The Difficult Art of Communicating During Conflict

Communication: one of the top reasons for couples therapy

One of the main reasons couples seek out couples therapy is to work on their communication. Some couples find themselves in a repetitive cycle where each has a completely different perception of how conflict is handled and how their partner communicates in conflict. It is not uncommon for one part of a couple to tell me their view on what happened in their last fight, only to have their partner have the complete opposite memory of events.

One thing I hear often from couples is that no matter how many times they try to address things calmly, “they’re never going to agree.” With that statement, I tell them they’ve completely missed the point. Agreeing should not always be the expectation for managing or handling conflict well. It’s a nice bonus but often it’s a tall order. But understanding how your partner perceived things or events in conflict….that’s more important.

Understanding, empathy, and validation are key

I often ask couples to start practicing reflecting on what their partner is saying in session. Learning how to actually listen to your partner’s experience is key. So many couples jump right to being defensive in a conflict and say, “That’s not what I meant” or “You’re overreacting.” A huge part of building calm communication and getting over conflict is starting to listen to your partner’s experience of events and trying to validate that experience. It doesn’t mean that you agree but it means you understand how your words impacted them.

The second part is that rather than being defensive, you apologize for how your words came off to your partner and work to clarify what your intent was. It’s then trying to rephrase the discussion so your partner can hear what you meant without feeling it was an attack or personal.

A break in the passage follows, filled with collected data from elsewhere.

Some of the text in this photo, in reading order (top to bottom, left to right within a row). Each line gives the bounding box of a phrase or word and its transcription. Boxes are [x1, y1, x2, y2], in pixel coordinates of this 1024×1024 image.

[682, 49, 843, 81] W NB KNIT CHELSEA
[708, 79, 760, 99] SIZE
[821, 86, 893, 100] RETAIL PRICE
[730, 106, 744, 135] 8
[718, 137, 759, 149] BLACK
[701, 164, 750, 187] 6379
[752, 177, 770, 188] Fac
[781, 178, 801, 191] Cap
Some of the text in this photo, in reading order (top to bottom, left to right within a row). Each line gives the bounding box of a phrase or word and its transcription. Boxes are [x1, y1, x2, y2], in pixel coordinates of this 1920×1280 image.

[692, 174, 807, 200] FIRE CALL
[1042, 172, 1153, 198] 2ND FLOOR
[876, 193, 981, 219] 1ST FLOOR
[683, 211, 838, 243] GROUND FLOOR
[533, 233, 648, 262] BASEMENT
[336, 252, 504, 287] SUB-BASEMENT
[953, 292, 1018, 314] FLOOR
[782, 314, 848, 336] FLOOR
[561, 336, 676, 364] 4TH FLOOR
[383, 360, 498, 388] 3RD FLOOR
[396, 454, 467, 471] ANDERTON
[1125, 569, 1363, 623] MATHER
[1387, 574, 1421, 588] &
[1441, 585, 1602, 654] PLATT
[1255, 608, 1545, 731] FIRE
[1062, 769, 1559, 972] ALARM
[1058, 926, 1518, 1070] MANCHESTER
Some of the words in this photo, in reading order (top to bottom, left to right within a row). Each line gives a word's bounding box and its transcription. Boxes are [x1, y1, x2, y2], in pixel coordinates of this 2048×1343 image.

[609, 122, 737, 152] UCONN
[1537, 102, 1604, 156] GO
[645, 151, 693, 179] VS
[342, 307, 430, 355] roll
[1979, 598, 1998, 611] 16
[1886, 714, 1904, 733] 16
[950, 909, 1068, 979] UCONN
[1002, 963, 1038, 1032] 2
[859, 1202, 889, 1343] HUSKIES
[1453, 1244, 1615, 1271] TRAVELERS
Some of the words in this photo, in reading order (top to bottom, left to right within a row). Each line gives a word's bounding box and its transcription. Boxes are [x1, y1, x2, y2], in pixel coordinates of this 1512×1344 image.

While listing this out, I’m sure it makes sense to you on paper, but then when it comes to actually implementing it in real life you’re finding it much harder.

Managing Your Own Triggers

A huge amount of work in improving communication and conflict is learning to self-soothe and calm down before engaging in the discussion. I don’t advocate walking away dramatically or shutting down, but I encourage couples to have a statement or word they can use to indicate they need time to bring their adrenaline levels down and calm down.

After time has been taken, it is critical that couples come back and try to calmly go over the conflict. This is not about resolving the conflict, it’s about understanding how your partner was impacted. In this process, it’s trying to diffuse hostility and tension while building empathy for your partner and a better understanding of their inner world.

Setting up Long-Term Relationship Success

I often tell couples that a good relationship isn’t one with zero conflict, conflict is inevitable and expected. The hard part is making sure that it’s something that you both learn to make productive instead of destructive. Repairing after conflict is critical to your relationship’s success and often it doesn’t come naturally, but the work is setting your relationship up for stability and happiness.